- Opening Delimiter -
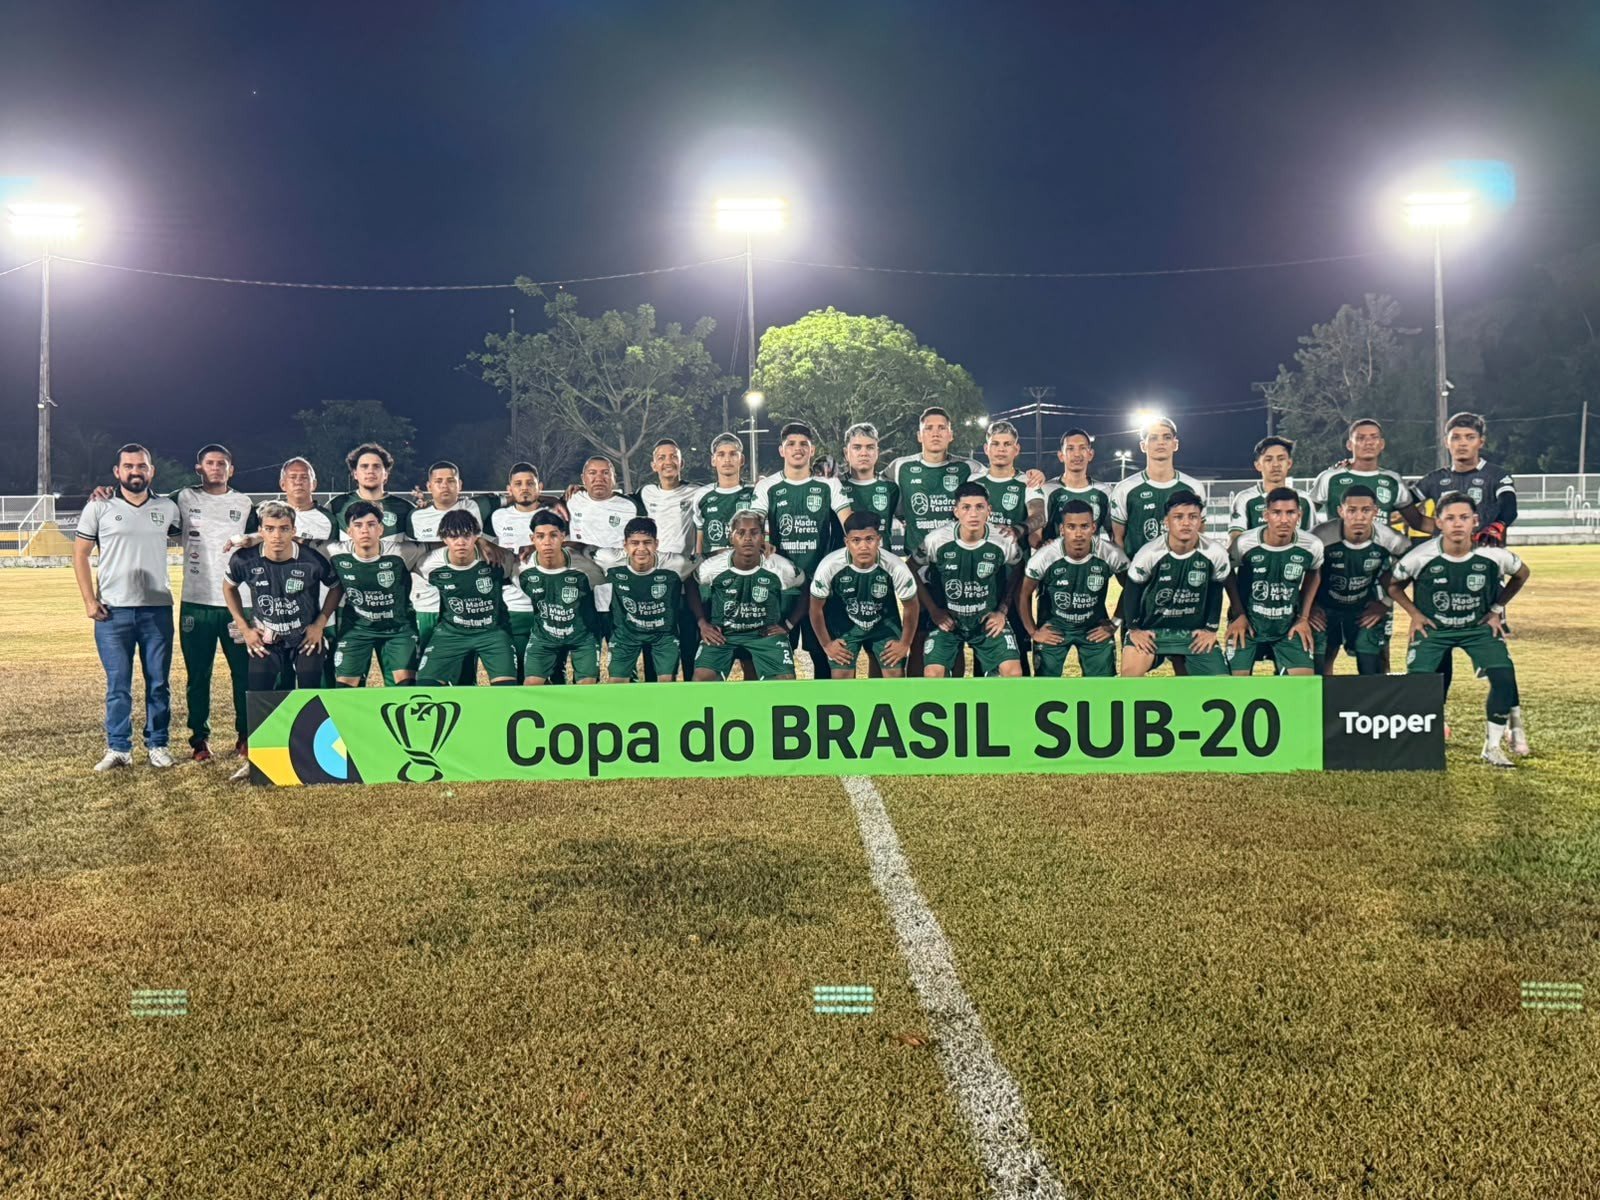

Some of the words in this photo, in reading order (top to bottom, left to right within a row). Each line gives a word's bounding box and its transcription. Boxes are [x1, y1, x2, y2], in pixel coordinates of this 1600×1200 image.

[930, 497, 956, 505] Madre
[365, 593, 393, 601] Madre
[964, 590, 989, 598] Tereza
[465, 604, 494, 613] Tereza
[639, 602, 664, 610] Madre
[640, 607, 666, 615] Tereza
[1339, 711, 1437, 739] Topper
[507, 709, 660, 777] Copa
[680, 707, 755, 763] do
[772, 702, 1011, 760] BRASIL
[1034, 698, 1281, 759] SUB-20
- Closing Delimiter -
**Your instructions**
What you return must match the records exactly, apart from the images, which are omitted.

**Reply**
Some of the words in this photo, in reading order (top to bottom, left to right within a row). Each line gives a word's bounding box and its transcription. Boxes are [x1, y1, x2, y2], in pixel coordinates of this 1600×1200 image.

[930, 497, 956, 505] Madre
[365, 593, 393, 601] Madre
[964, 590, 989, 598] Tereza
[465, 604, 494, 613] Tereza
[639, 602, 664, 610] Madre
[640, 607, 666, 615] Tereza
[1339, 711, 1437, 739] Topper
[507, 709, 660, 777] Copa
[680, 707, 755, 763] do
[772, 702, 1011, 760] BRASIL
[1034, 698, 1281, 759] SUB-20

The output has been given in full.